[Collected data]
┏━━

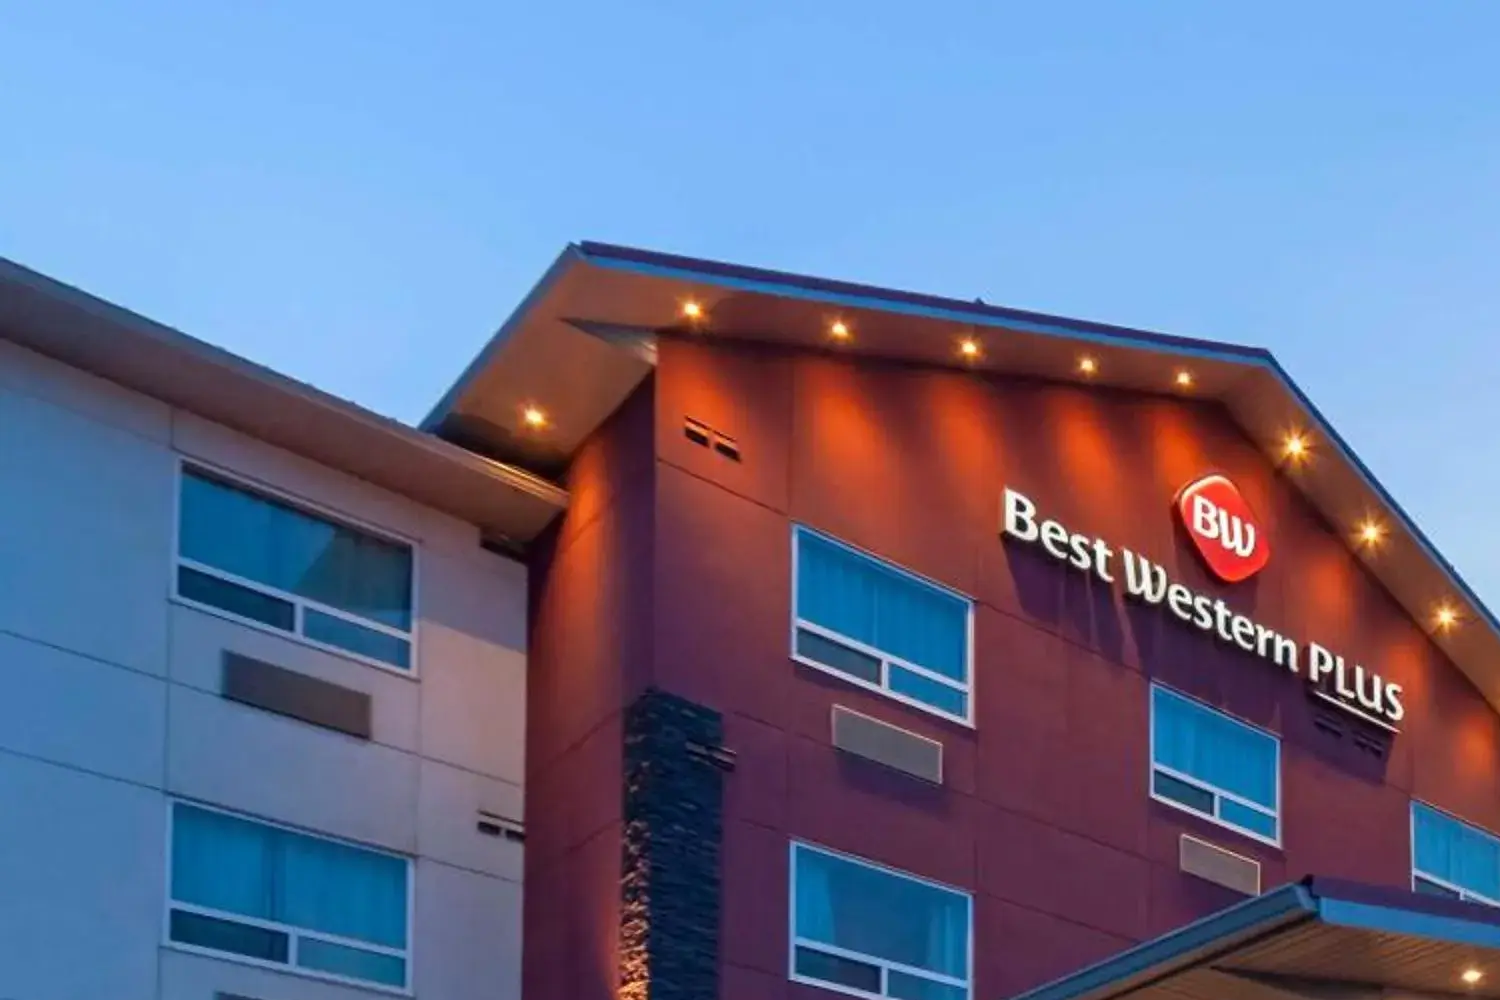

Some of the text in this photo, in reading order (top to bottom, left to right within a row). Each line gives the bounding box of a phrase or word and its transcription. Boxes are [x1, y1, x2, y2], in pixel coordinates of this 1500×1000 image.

[1193, 495, 1256, 557] BW
[1003, 487, 1405, 722] Best Western PLUS
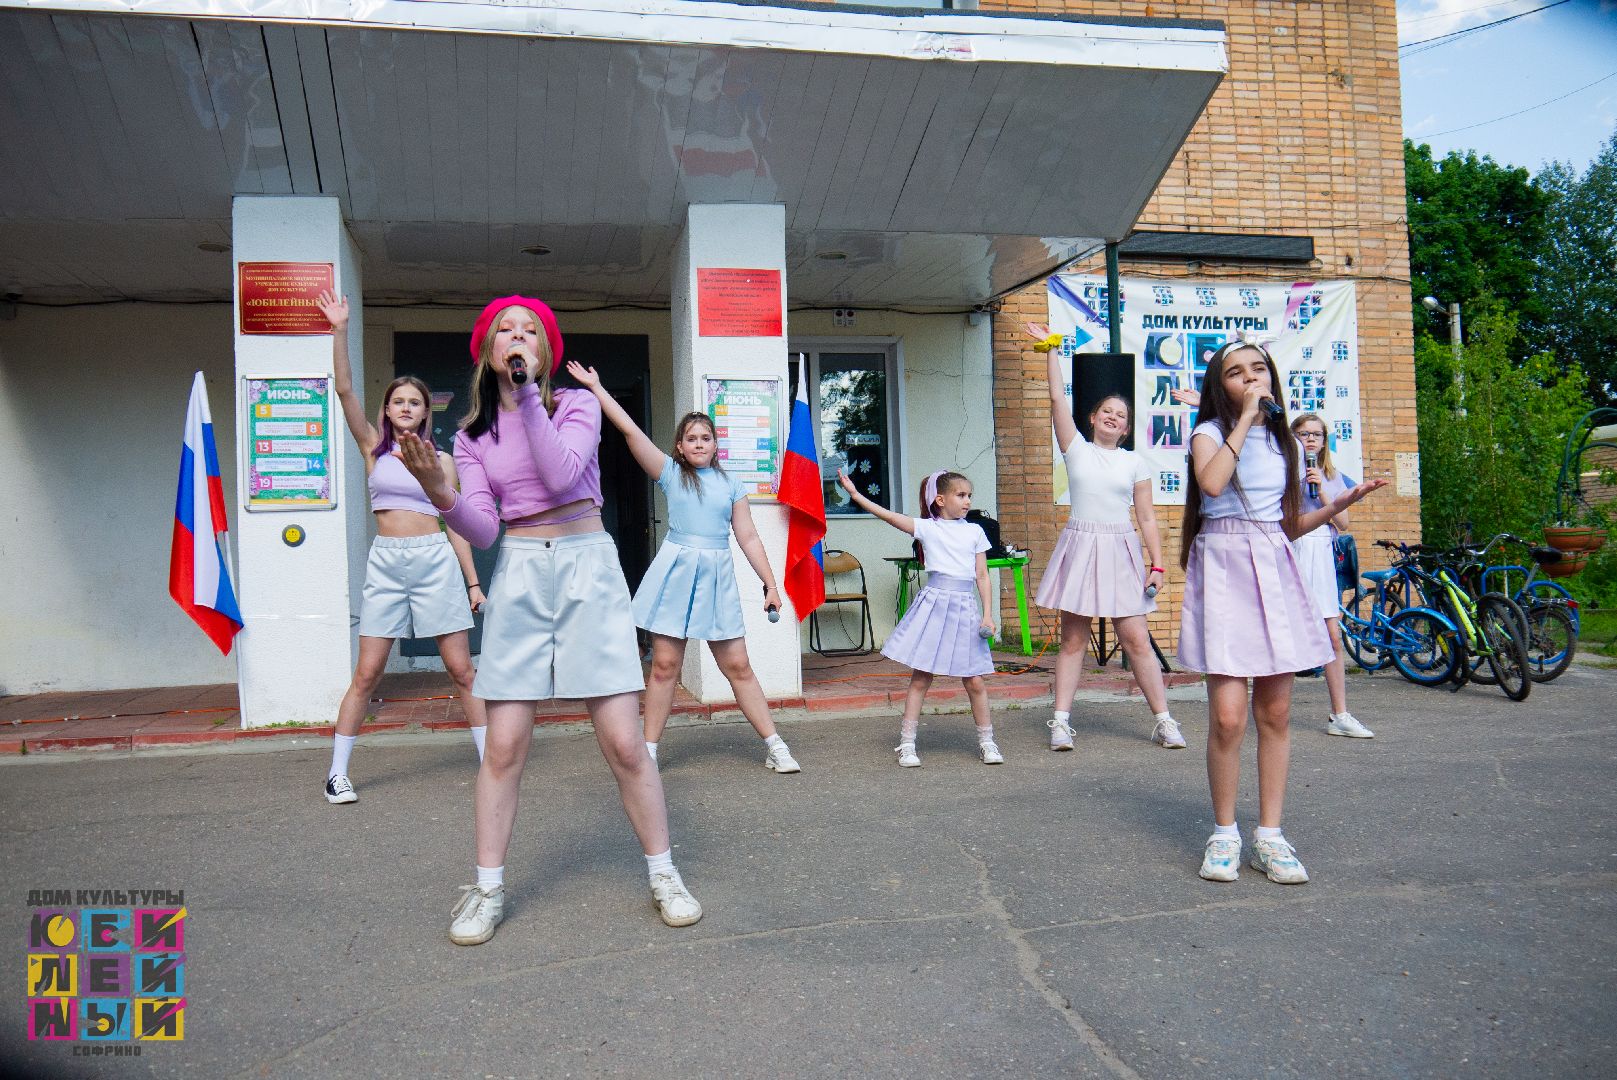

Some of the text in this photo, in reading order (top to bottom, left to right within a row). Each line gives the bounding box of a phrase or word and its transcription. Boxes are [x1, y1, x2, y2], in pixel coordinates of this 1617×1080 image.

[1142, 314, 1178, 329] ДОМ
[1182, 315, 1269, 331] КУЛЬТУРЫ
[267, 389, 311, 400] ИЮНЬ
[724, 396, 762, 405] ИЮНЬ
[260, 406, 268, 415] 5
[258, 442, 269, 452] 13
[307, 460, 321, 469] 14
[258, 478, 271, 488] 19
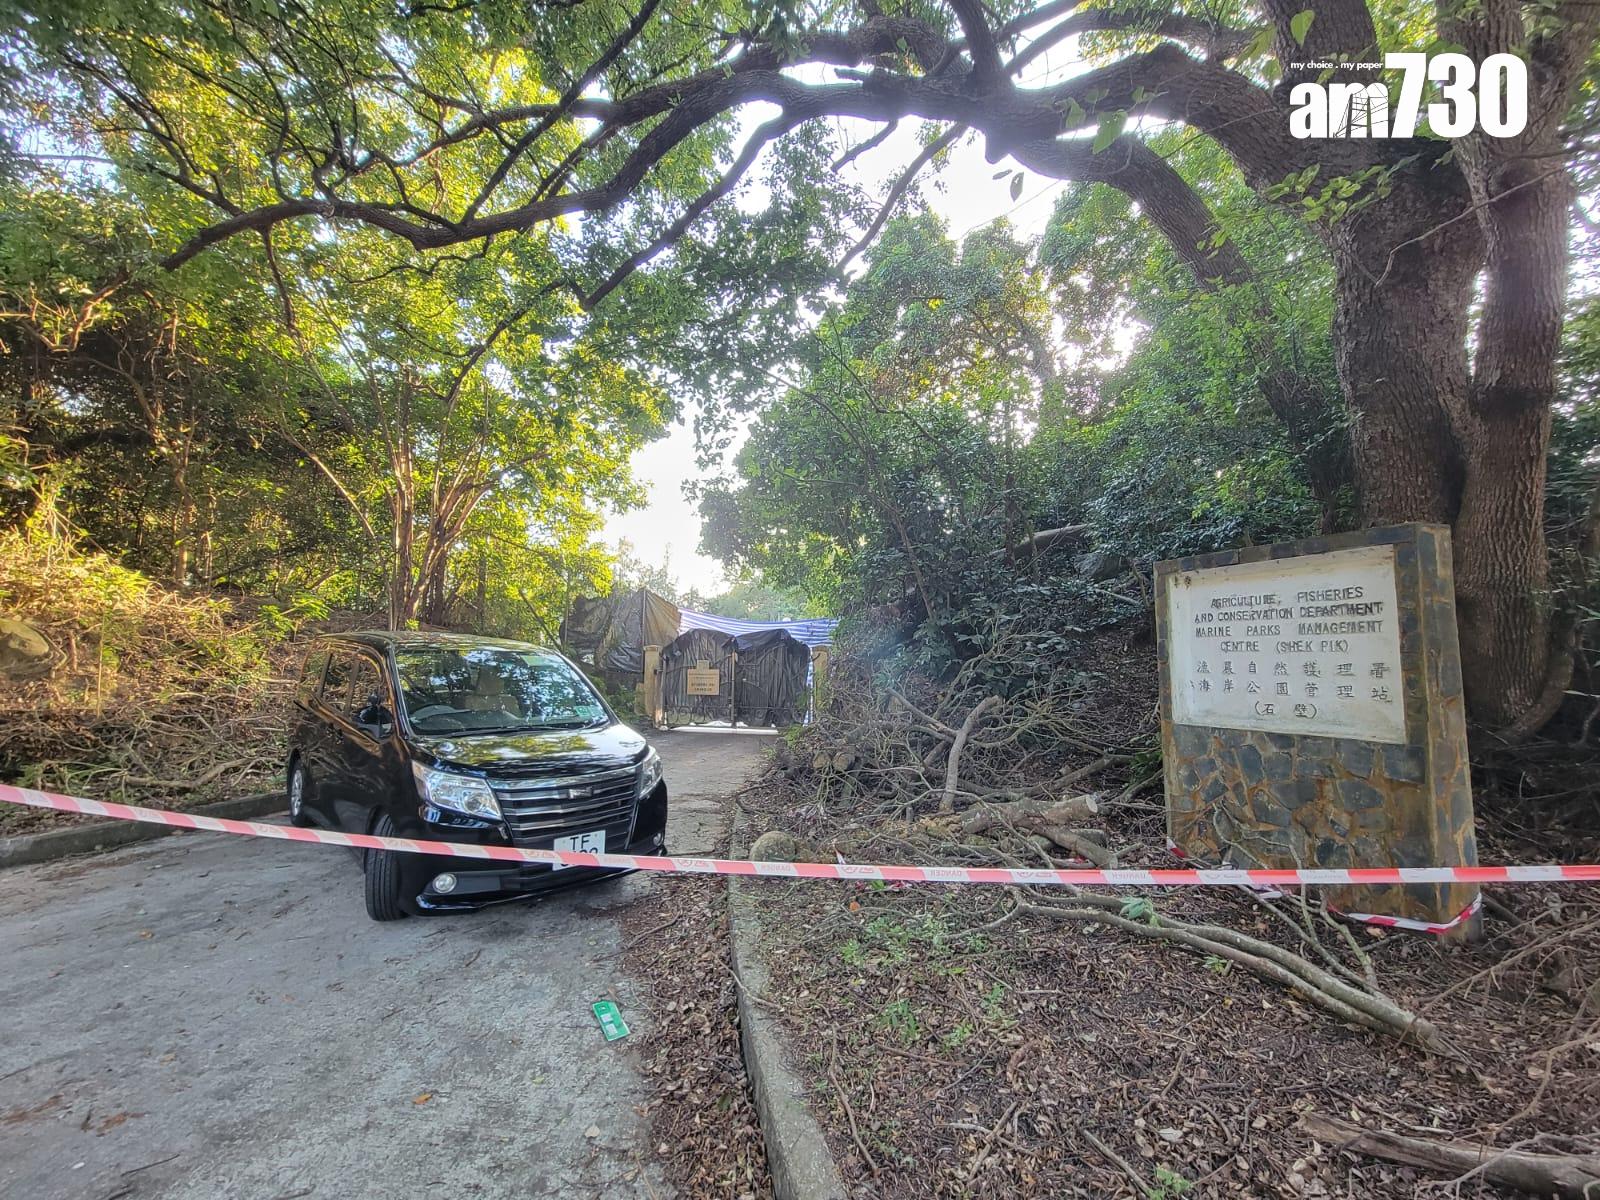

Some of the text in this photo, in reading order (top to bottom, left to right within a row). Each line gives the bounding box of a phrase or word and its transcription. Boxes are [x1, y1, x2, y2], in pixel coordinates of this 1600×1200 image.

[1297, 586, 1364, 602] FISHERIES
[1195, 612, 1214, 624] AND
[1217, 606, 1294, 621] CONSERVATION
[1195, 620, 1384, 638] MARINE PARKS MANAGEMENT
[1220, 639, 1349, 654] CENTRE (SHEK PIK)
[569, 834, 591, 850] TF
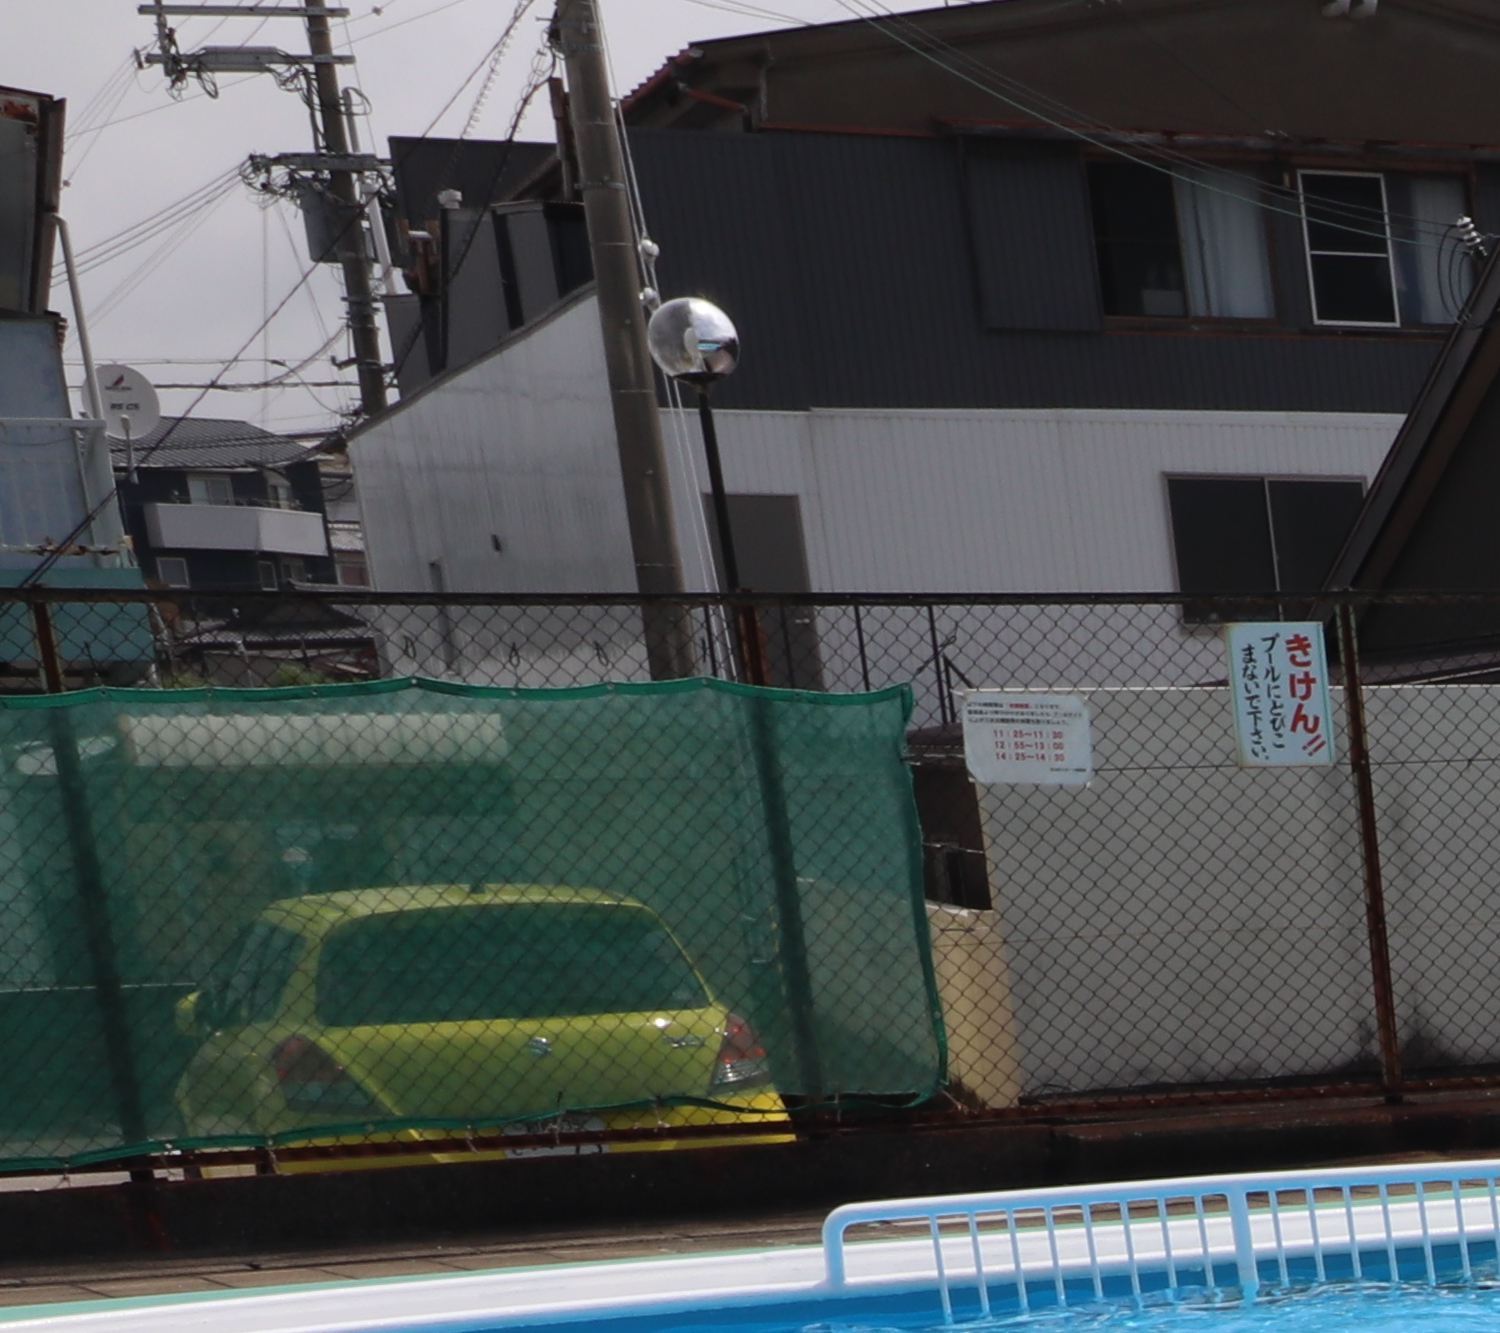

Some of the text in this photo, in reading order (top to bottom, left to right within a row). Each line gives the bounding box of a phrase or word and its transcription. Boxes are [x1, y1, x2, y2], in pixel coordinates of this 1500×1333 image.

[1261, 632, 1286, 749] プールにとびこ
[1285, 633, 1327, 757] きけん!!

┗━━

### Work request:
Reproduce exactly, and only, the lines from the one holding "this 1600×1200 image." through the final line of the entries. Do not include the pictures.

### Task response:
Some of the text in this photo, in reading order (top to bottom, left to right within a row). Each line gives the bounding box of a phrase or word and its transcription. Boxes are [x1, y1, x2, y2], in pixel coordinates of this 1600×1200 image.

[1297, 586, 1364, 602] FISHERIES
[1195, 612, 1214, 624] AND
[1217, 606, 1294, 621] CONSERVATION
[1195, 620, 1384, 638] MARINE PARKS MANAGEMENT
[1220, 639, 1349, 654] CENTRE (SHEK PIK)
[569, 834, 591, 850] TF

Some of the text in this photo, in reading order (top to bottom, left to right within a row). Each line gives the bounding box of a phrase or word and its transcription. Boxes are [x1, y1, x2, y2], in pixel coordinates of this 1500×1333 image.

[1261, 632, 1286, 749] プールにとびこ
[1285, 633, 1327, 757] きけん!!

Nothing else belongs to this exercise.